Background information
- Born: February 6, 1991 (age 35) Bergamo, Italy
- Origin: Italy
- Genres: Minimalist music, Contemporary classical music, Film score
- Occupations: Composer, musician
- Instruments: Piano, Violin, Guitar, Drums, Synthesizer, Rhodes
- Years active: 2012–present
- Website: www.andreatonoli.com

= Andrea Tonoli =

Italian composer and musician (born 1991)

Andrea Tonoli (born 6 February 1991, in Gandellino) is an Italian composer and musician, active in different genres including contemporary classical music, film music and post-rock.

== Early life ==
Born in Gandellino, near Bergamo, Italy, Tonoli started his music career at the age of 15. Refusing to take music lessons, he continued to play for many years as a self taught musician.

== Career ==
Listening to Ryuichi Sakamoto, Yiruma, Yann Tiersen and Ludovico Einaudi led Tonoli to compose a few songs, which in 2012 were released as his first album, Human.

In 2013, he lost his father due to a serious disease and that led him to stay out of the music world for a while.
After some months he wrote and recorded his 2nd album, Human B-Side. He started a netlabel the same year.

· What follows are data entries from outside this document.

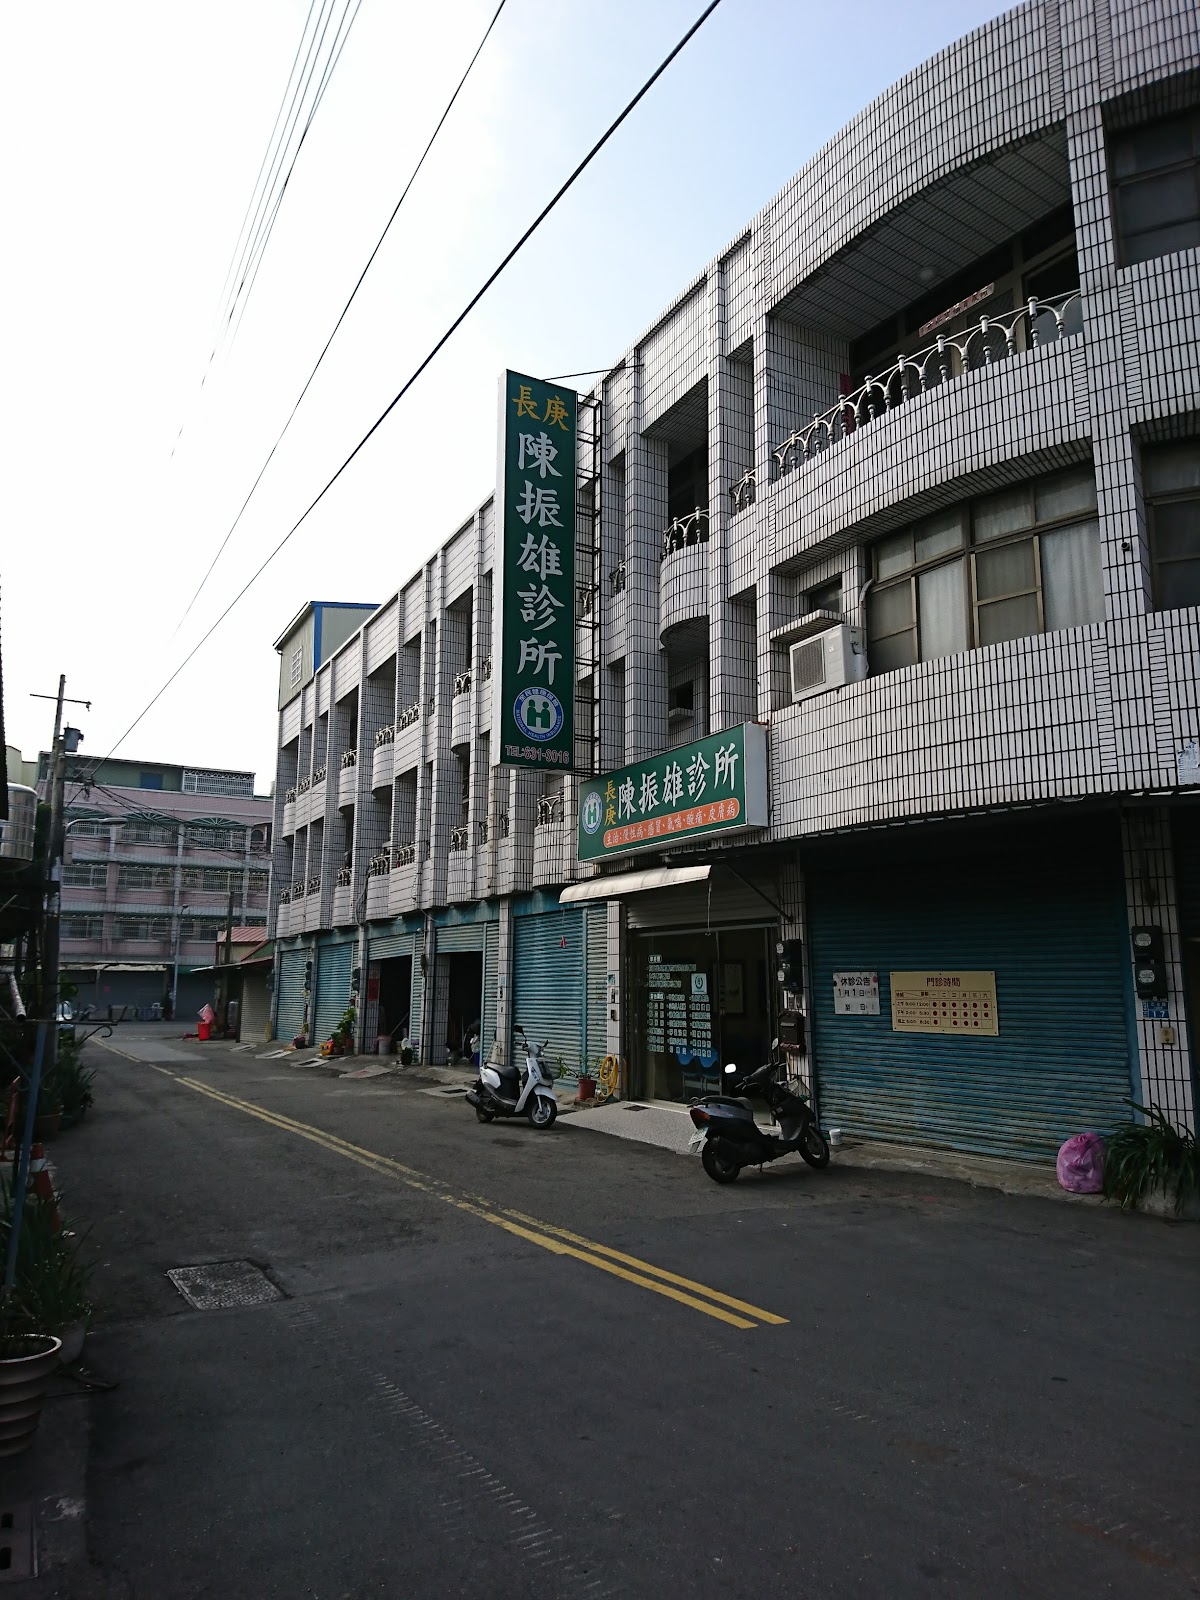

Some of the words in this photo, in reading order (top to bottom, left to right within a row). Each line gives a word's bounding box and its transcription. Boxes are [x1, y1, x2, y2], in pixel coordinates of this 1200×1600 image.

[512, 385, 570, 431] 長庚
[515, 431, 566, 686] 陳振雄診所
[528, 731, 546, 739] HEALTH
[546, 716, 561, 738] INSURANCE
[604, 780, 617, 827] 長庚
[617, 742, 739, 820] 陳振雄診所
[840, 976, 871, 986] 休診公告
[926, 977, 961, 987] 門診時間
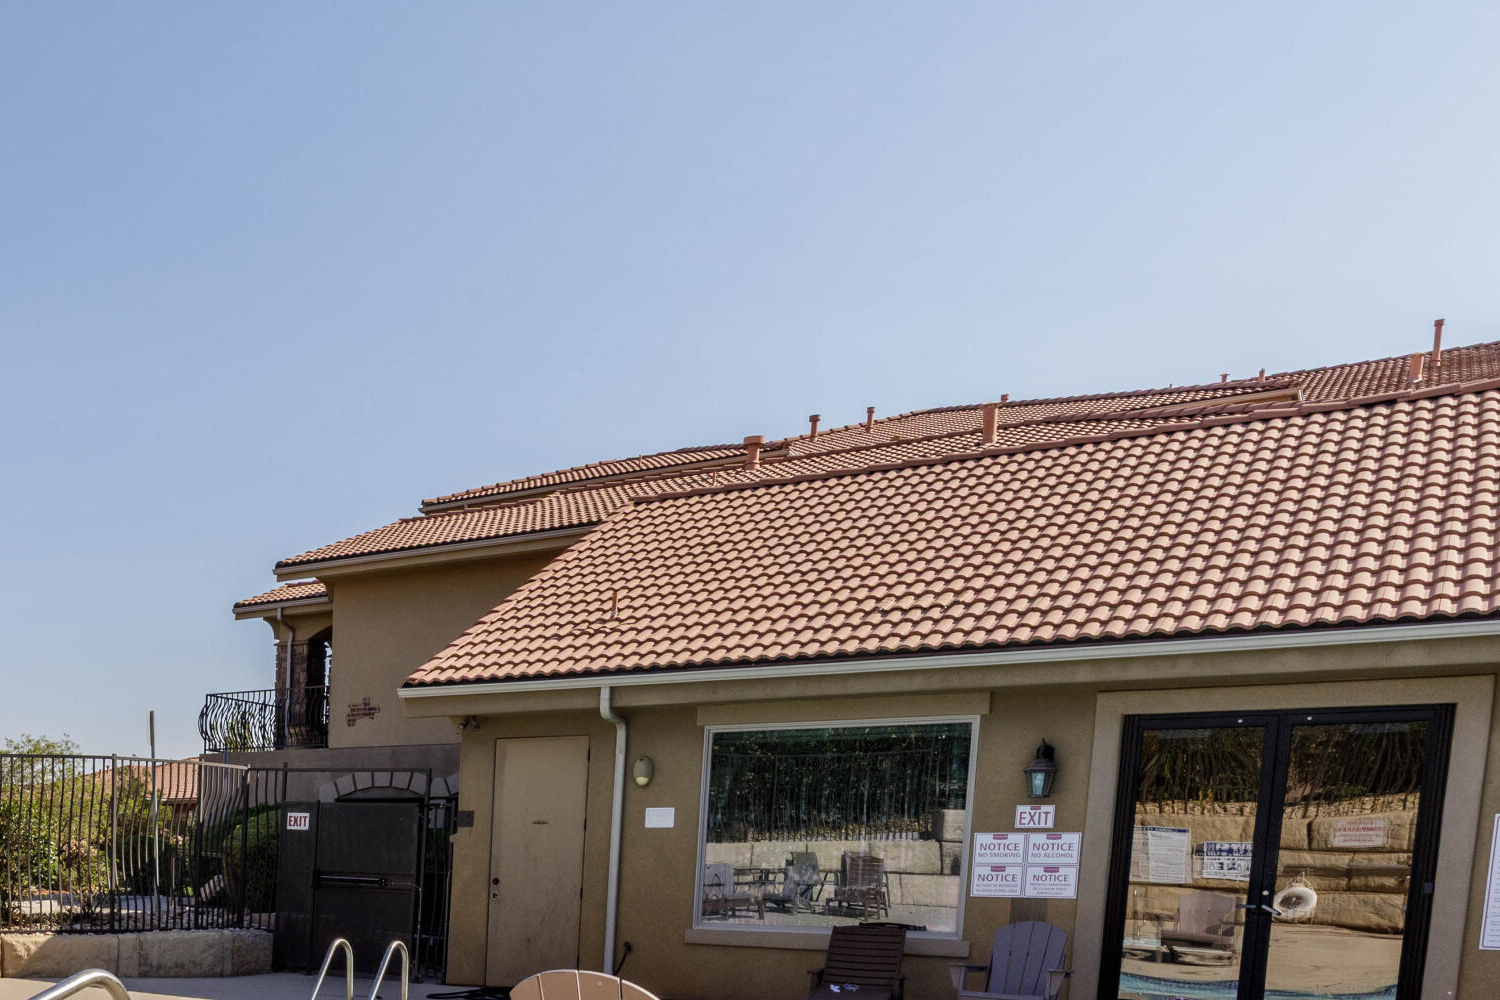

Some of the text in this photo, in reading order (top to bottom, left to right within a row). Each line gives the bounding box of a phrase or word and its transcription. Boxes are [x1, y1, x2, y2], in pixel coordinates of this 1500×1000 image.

[288, 815, 308, 828] EXIT
[1018, 811, 1051, 826] EXIT
[979, 842, 1020, 851] NOTICE
[1032, 842, 1074, 851] NOTICE
[977, 873, 1018, 883] NOTICE
[1032, 874, 1069, 882] NOTICE

In April 2014, he went to London to perform at "Ont'Sofa" at the Gibson HQ.

Tonoli released his first music video on December 19, 2014, for the song "Aurora". This song was the first track from his fourth album, Met by the Moonlight, which was released the same month. From the beginning of 2015, he started touring Italy with Met by the Moonlight, and in February he released his first official collection Ace of Hearts. In February 2015, he earned his first nomination for an international award, the Hollywood Music in Media Awards as the best New Age Artist of the Year with the song "Aurora".

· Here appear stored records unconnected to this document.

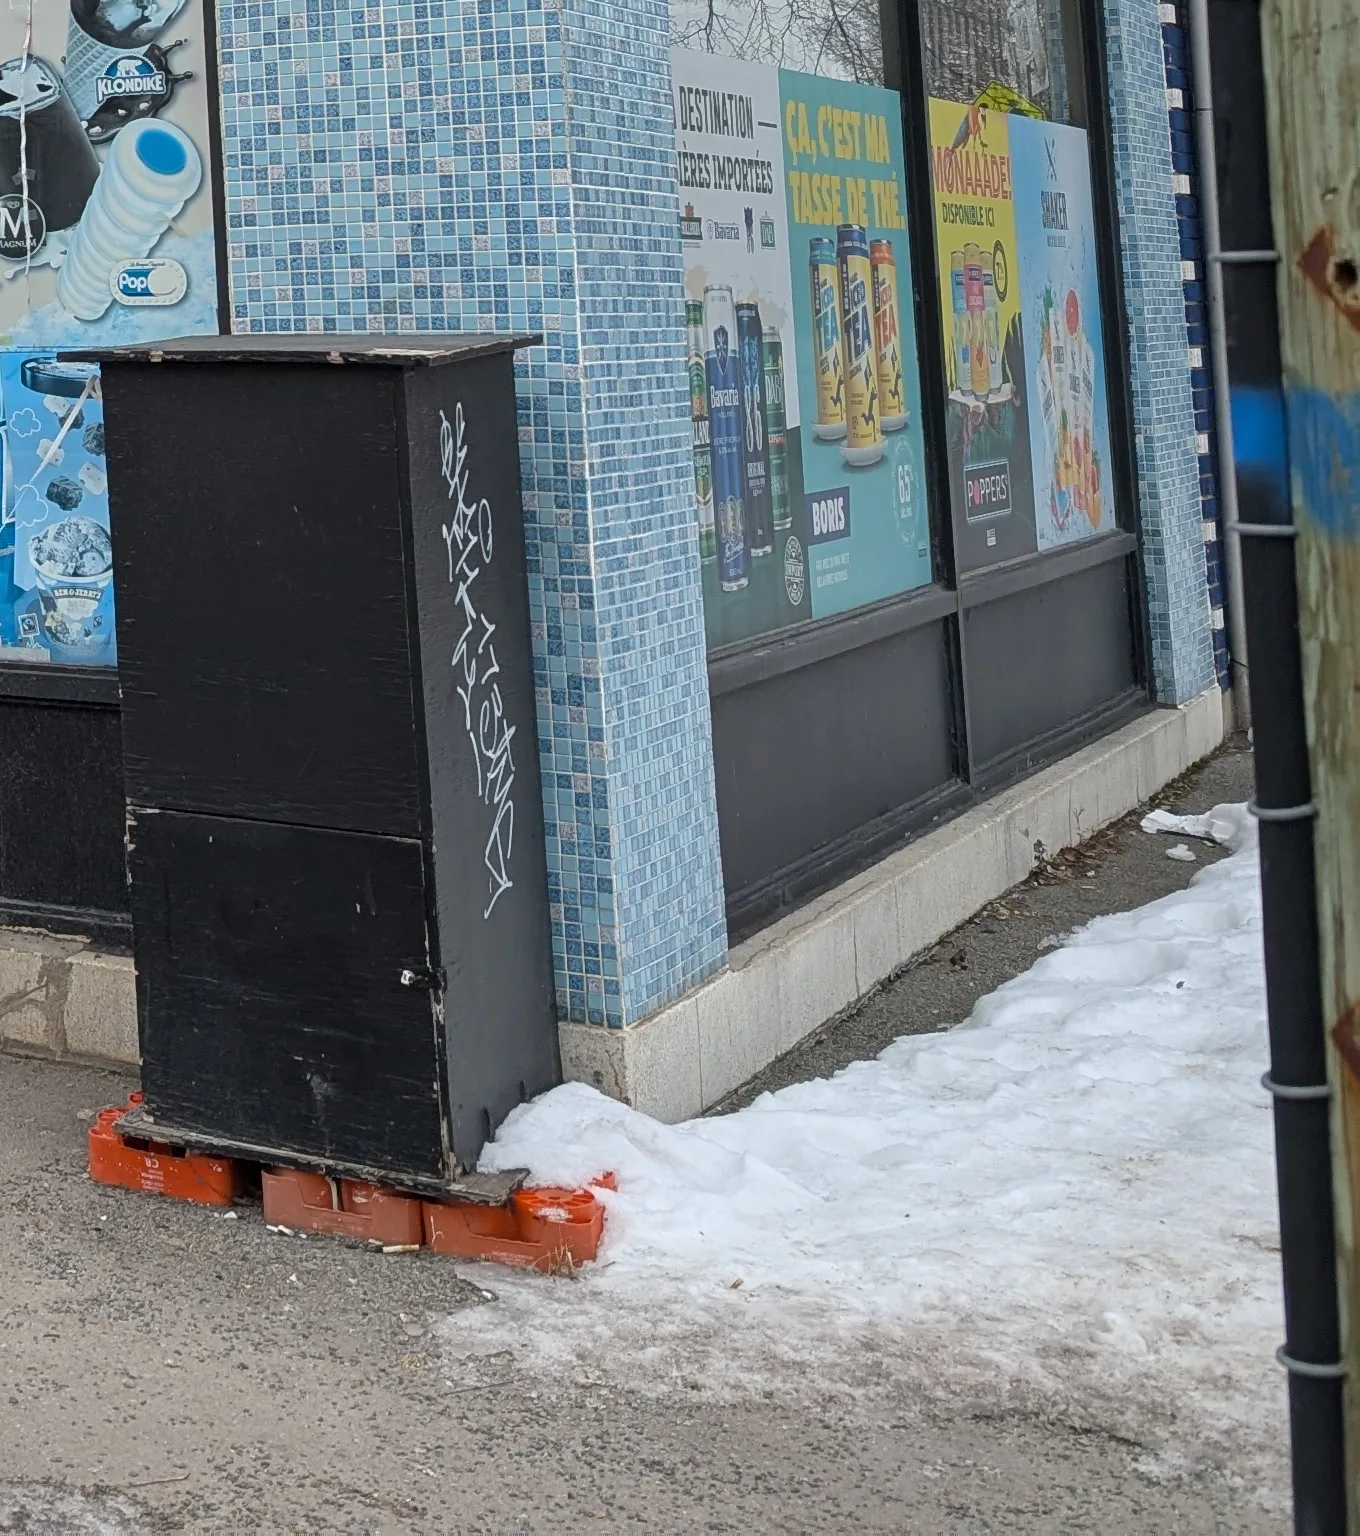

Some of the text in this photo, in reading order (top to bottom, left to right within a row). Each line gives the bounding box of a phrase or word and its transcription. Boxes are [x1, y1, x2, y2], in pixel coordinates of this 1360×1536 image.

[96, 76, 165, 104] KLONDIKE
[679, 85, 754, 140] DESTINATION
[785, 98, 891, 166] ÇA, C'EST MA
[712, 149, 773, 195] IMPORTÉES
[788, 170, 843, 227] TASSE
[846, 176, 869, 228] DE
[942, 201, 995, 228] DISPONIBLE ICI
[1040, 190, 1069, 231] SHAKER
[843, 304, 873, 366] TEA
[709, 382, 740, 408] Bavaria
[967, 473, 1008, 508] POPPERS
[812, 496, 845, 536] BORIS

Tonoli stayed in Hollywood for the entire month of November, composing his new album and attending the awards. On December 21, 2015, he released a Special Edition of Met by the Moonlight. In 2016 he started a "comeback" tour in Italy, starting from his hometown, Gandellino.

From 2014 to 2016, he's been a member of the Post-Rock Italian band L.E.D.

In 2017 he released his new album Anarchangel Vol.1 which he took on tour for the entire year in Europe.

After the release of Anarchangel Vol.1 his music has been used in projects by Paul Nicklen and National Geographic, Vogue (magazine), and entered the movie industry, with songs being used and licensed as official soundtracks all over the world, as in Ephemere: La Bellezza Inevitabile and many others.

In 2018 he published his first autobiographical book: "Tra Ali e Cenere: Diario di un giovane sogno" which was then translated into an English version: Of Wings and Ashes: tales of a neverending dream, printed and distributed by Amazon (company).

In 2018 his song "South Cross Prayer" became the soundtrack of a viral video about time by Jay Shetty making the song viral in Asia, where it got licensed for many advs, TV series and commercials in the next years, as in China with The Oath of Love "Production Special" (2021) and Zwilling J. A. Henckels adv (2020) or in South Korea with Wonderwall Acting Masterclass (2021) with Ha Jung-woo and the third episode of Lee Min-ho X Lee Seung-gi webseries (2020).

From 2019 to 2021 Andrea released some singles which will then become part of his 7th album: Anarchangel Vol.2: "Fade", "Cartagena", "Blossom", "The Swan", "Di seta è il vento".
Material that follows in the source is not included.